Francesco Canepa and Balazs Koranyi

FRANKFURT (Reuters – It seems that the European Central Bank will cut back on its stimulus on Thursday. While pledging support for the financial system in next year’s fiscal year, it is still sticking to its long-held belief that high levels of inflation will recede on their own.

The euro area’s economy is now at its pre-pandemic level. Pressure mounts on the bank that it follows its international peers and shut down the money taps. However, policymakers fear that too fast a reaction could ruin years of hard work in restoring once-anaemic inflation.

Unusually uncertain prospects could make it difficult for rate-setters and other decision makers to postpone many big decisions. This would leave policy extremely flexible, with very few commitments.

It is expected that there will be some clarity regarding the ECB’s 2022 policy.

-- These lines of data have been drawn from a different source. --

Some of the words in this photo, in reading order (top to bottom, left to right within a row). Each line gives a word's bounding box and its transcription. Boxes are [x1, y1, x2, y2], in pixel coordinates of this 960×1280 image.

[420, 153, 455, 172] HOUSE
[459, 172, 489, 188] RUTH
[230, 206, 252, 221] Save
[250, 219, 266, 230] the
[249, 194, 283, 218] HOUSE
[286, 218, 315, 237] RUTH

Policymakers can fill in details as they gain more confidence in the fact that inflation, currently running at more then twice the bank’s 2% target level in 2022.

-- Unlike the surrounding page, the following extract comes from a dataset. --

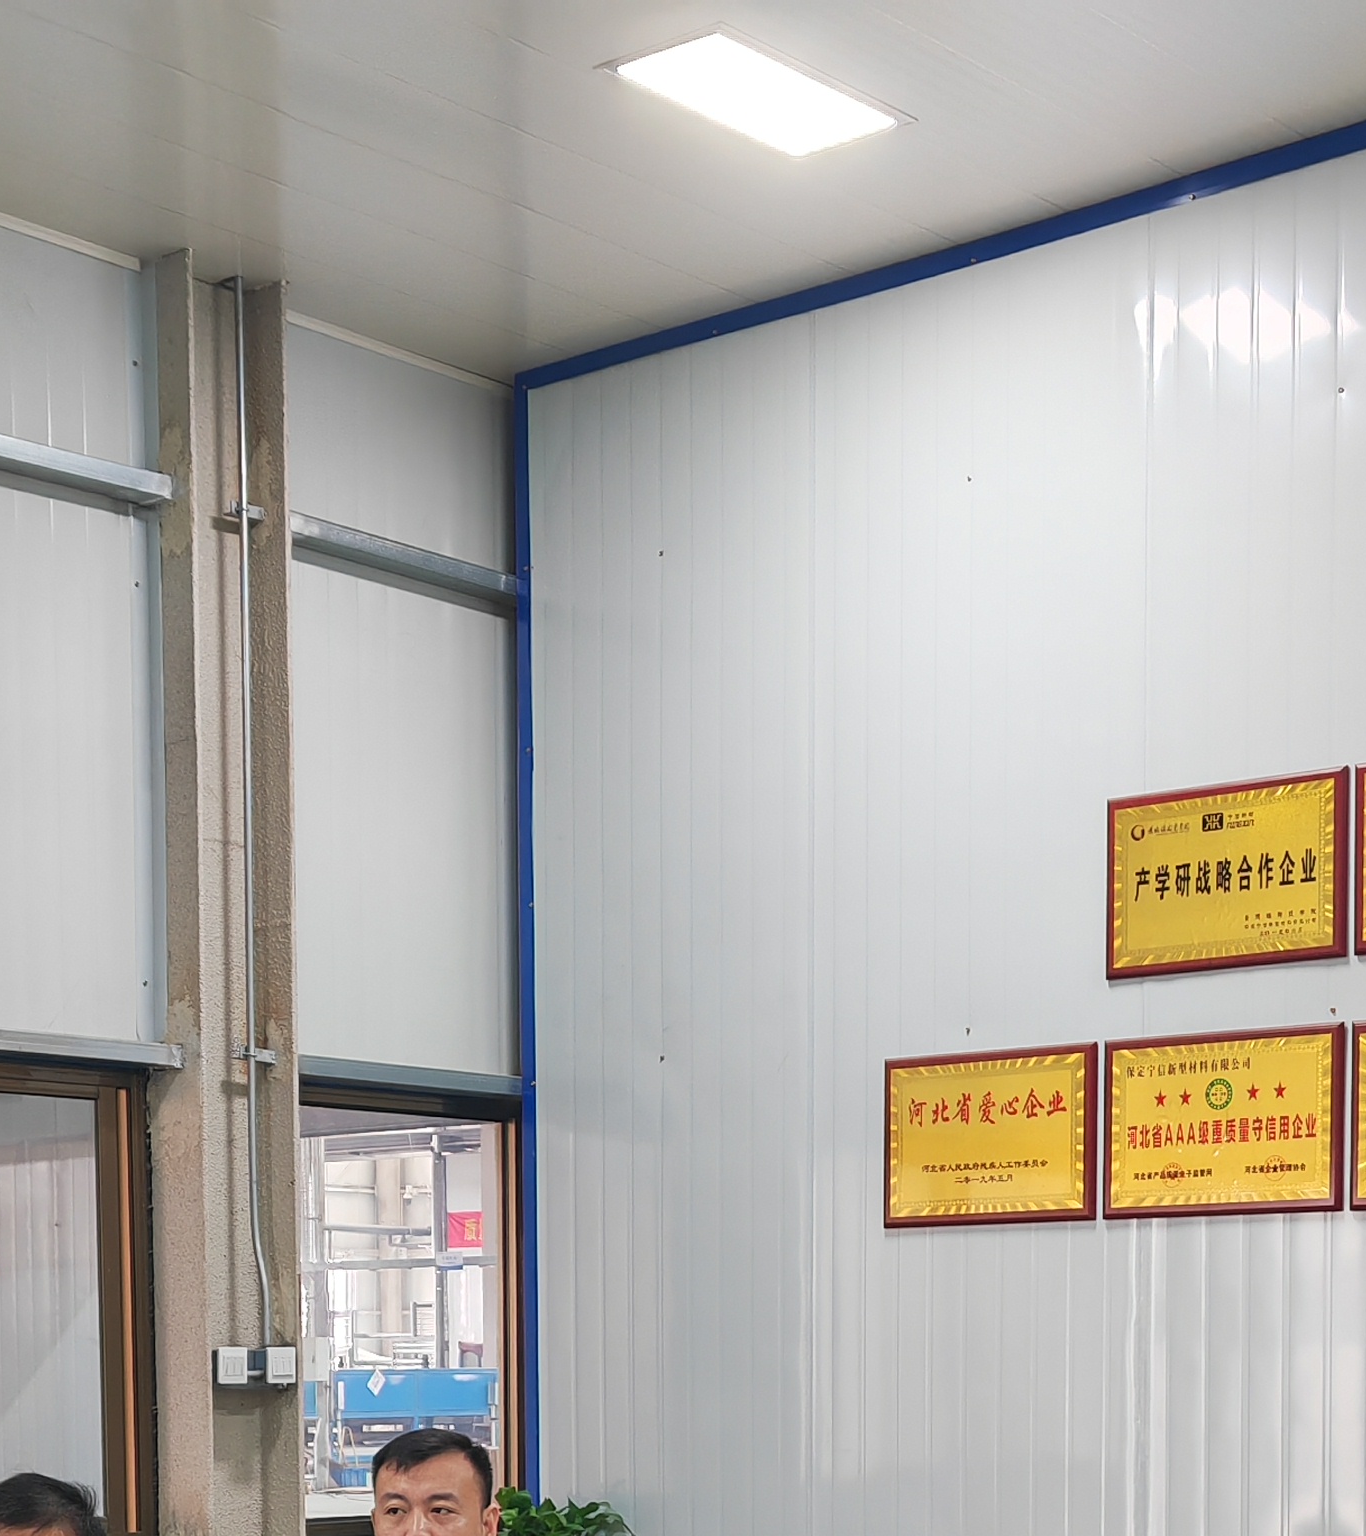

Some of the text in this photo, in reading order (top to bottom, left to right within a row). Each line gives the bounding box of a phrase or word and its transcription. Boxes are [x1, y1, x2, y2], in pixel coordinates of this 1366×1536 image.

[1134, 847, 1318, 903] 产学研战略合作企业
[1126, 1056, 1251, 1079] 保定宁信新型材料有限公司
[908, 1087, 1069, 1127] 河北省爱心企业
[1126, 1112, 1317, 1151] 河北省AAA级重质量守信用企业

One thing is certain: Bond purchases under the Pandemic Emergency Purchase Programme of 1.85 trillion Euros will decline in the next quarter and be retired at March’s end. The long-standing Asset Purchase Programme will however be elevated to compensate for the loss of stimulus.

Reuters survey of analysts revealed that total purchases may still be around 40 billion Euros per month. That’s less than half what is currently being bought.

However, the effective reduction in stimulus may be smaller as new government debt issuance is likely to decline. Therefore the ECB will continue its efforts to collect most of the new loans.

It is likely that the ECB will signal its intention to continue purchasing bonds throughout 2018, in order to control yields and eliminate any potential rate increases in 2022.

At 1245 GMT the policy decision will be made. Following that, Christine Lagarde, President of the ECB, will hold a news conference at 1330 GMT.

MOVING PARTS

A plethora other choices are available.

The problem with this is that, although the ECB projects inflation returning to target by 2023, but holding steady in 2024, many policymakers are skeptical of that narrative.

It makes no sense to not provide parameters for the asset acquisition program. They might provide some general guidelines, but it would be difficult to announce the exact volume and calibration,” Luigi Speranza said.

The U.S. Federal Reserve announced Wednesday it would stop pandemic-era bonds purchases in March, and will raise rates three more times next year. It also makes life difficult for the ECB because the largest two central banks of the world are currently moving in different directions.

Most likely is for ECB policymakers to approve a bond purchasing quota, or “envelope”, for 2022. They will emphasize that this does not have to be spent.

The bank will also review exact volume and determine purchase goals for very short periods. It has been doing this in the recent months.

The bloc is likely to spend more on supranational debt in order to fund Next Generation EU spending. This project, which aids the recovery process, is the flagship of the bloc.

There is a risk of investors dumping bonds on the indebted peripheral, which could increase the borrowing costs for the governments.

The ECB may say that 100 billion euro of emergency funds could be still used to combat fragmentation. Cash from mature bonds and cash could be flexiblely used, which would allow the ECB to spend more on stressed markets.

The ECB also needs to deal with the problem of Greece. This country is most likely to stop bond purchases after the Emergency Programme ends.

Although all alternatives face legal challenges, the ECB may signal that reinvestments might be biased toward Greece. It will not however become eligible to buy new assets.

Berenberg stated in a note sent to clients, “Rarely has it been as uncomfortable or as uncertain for a significant ECB decision as it is now.”